Explore relationships in tricky CSVs with the no-code file uploader, now with multi-column mode via hypergraphs!

Posted by Graphistry Staff on May 11, 2021

Enabling quick no-code and low-code investigations of relationships in data is priority #1 for Graphistry this year. Our recent no-code file uploader first solved a simple top scenario: when a table has 2 columns to link, like src_ip and dest_ip, or say user_id and page_id, explore it as a graph. Within a few clicks, you could explore the generated visualizations with all the features of Graphistry’s core platform: rich interactive visuals, no-code controls, GPU acceleration, web-friendly sharing, and more.

Get started now! Try on a CSV

Challenging many graph and relationship analysis tools, most data tables have more than 2 columns, so it is important to make it easy to explore 3 or more columns. For example, it should be easy to simultaneously explore relationships acrosss columns like src_ip, dest_ip, user_id, alert and country. Before, people would have to generate multiple 2-column graphs, or turn to a coding solution like our PyGraphistry Python API’s hypergraph transform (now with multi-GPU support!). The latest update to Graphistry’s file uploader brings hypergraph capabilities to the UI. Hypergraphs make many common cases a lot easier by automatically turning multi-column tables into graphs!

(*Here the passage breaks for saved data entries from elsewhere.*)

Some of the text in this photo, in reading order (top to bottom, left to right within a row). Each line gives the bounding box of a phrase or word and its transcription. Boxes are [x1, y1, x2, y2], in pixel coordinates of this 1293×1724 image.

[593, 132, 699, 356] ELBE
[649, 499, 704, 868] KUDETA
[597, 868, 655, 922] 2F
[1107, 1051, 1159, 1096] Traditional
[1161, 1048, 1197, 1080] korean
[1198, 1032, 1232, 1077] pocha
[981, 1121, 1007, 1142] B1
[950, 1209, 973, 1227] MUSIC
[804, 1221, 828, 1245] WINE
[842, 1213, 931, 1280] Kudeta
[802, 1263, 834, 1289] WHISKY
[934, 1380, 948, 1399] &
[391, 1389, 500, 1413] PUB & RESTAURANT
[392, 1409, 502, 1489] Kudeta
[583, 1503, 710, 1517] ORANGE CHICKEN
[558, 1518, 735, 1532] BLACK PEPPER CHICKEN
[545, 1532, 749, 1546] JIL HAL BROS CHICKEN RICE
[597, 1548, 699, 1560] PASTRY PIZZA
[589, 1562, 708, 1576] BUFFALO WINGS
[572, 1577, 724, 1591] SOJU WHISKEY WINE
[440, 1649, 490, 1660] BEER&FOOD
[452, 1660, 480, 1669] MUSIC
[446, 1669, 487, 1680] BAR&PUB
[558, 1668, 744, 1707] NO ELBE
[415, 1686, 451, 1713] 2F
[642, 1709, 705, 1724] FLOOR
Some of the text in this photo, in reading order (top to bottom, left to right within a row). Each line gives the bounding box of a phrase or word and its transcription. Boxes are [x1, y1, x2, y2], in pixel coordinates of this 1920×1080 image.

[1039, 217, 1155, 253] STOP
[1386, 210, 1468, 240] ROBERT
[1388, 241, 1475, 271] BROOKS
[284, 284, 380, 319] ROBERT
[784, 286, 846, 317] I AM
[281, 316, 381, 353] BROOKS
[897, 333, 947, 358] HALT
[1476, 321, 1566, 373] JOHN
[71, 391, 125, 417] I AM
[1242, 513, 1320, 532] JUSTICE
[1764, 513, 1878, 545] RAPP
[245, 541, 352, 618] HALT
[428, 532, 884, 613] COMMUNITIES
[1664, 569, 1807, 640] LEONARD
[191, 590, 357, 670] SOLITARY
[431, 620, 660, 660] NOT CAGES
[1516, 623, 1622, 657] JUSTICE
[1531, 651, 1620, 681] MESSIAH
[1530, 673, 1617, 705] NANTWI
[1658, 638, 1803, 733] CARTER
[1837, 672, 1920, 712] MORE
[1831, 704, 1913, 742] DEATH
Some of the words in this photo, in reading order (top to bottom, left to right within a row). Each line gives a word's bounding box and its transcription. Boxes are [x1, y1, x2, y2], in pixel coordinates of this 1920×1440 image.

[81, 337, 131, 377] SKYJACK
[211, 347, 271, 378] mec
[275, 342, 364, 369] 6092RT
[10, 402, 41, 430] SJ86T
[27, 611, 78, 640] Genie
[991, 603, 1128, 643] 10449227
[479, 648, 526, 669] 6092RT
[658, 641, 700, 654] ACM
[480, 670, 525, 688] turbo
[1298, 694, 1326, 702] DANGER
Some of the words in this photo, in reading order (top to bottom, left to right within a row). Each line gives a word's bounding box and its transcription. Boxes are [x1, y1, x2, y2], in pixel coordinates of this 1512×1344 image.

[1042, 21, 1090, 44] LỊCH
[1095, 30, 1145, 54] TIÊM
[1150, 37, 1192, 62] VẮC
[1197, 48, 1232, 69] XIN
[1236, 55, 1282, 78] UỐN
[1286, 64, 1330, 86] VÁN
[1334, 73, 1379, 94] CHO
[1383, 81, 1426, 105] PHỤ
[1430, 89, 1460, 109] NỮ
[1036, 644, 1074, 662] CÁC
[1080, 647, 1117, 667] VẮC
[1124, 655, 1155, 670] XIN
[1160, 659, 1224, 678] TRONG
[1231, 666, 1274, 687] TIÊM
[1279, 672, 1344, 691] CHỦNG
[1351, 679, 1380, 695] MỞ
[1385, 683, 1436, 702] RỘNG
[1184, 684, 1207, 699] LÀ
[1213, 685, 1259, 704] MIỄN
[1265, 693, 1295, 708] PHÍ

Any CSV/XLS should work. For this article, we’ll revisit the case of a device activity log from a security honeypot (credit: Mike Sconzo’s SecRepo.com).

1. Drag-and-drop your data… and that’s it!

After you have a Graphistry account (self-host or free for non-sensitive data on Graphistry Hub), head to the new file uploader.

Drag-and-drop your file. Almost by magic, that is enough to start visually exploring your the relationships in your data directly as a graph! Scroll down to the bottom of the page: Graphistry waits a few seconds to make sure you are done, and then shows a visualization you can start exploring. (If using a multi-sheet XLS, Graphistry defaults to the first sheet, which you can switch later.)

In this case, we quickly see 2 IP addresses are at the heart of the honey pot activity. Furthermore, we see both have frequently recurring vulnerabilities near them: MaxDB, NetAPI. Savvy readers may recognize those 2 IP addresses, “172.*.*.*”, as internal devices, so those are our honeypots luring in hackers. With almost no work, we are instantly seeing the top entities, patterns, and outliers across multiple data columns.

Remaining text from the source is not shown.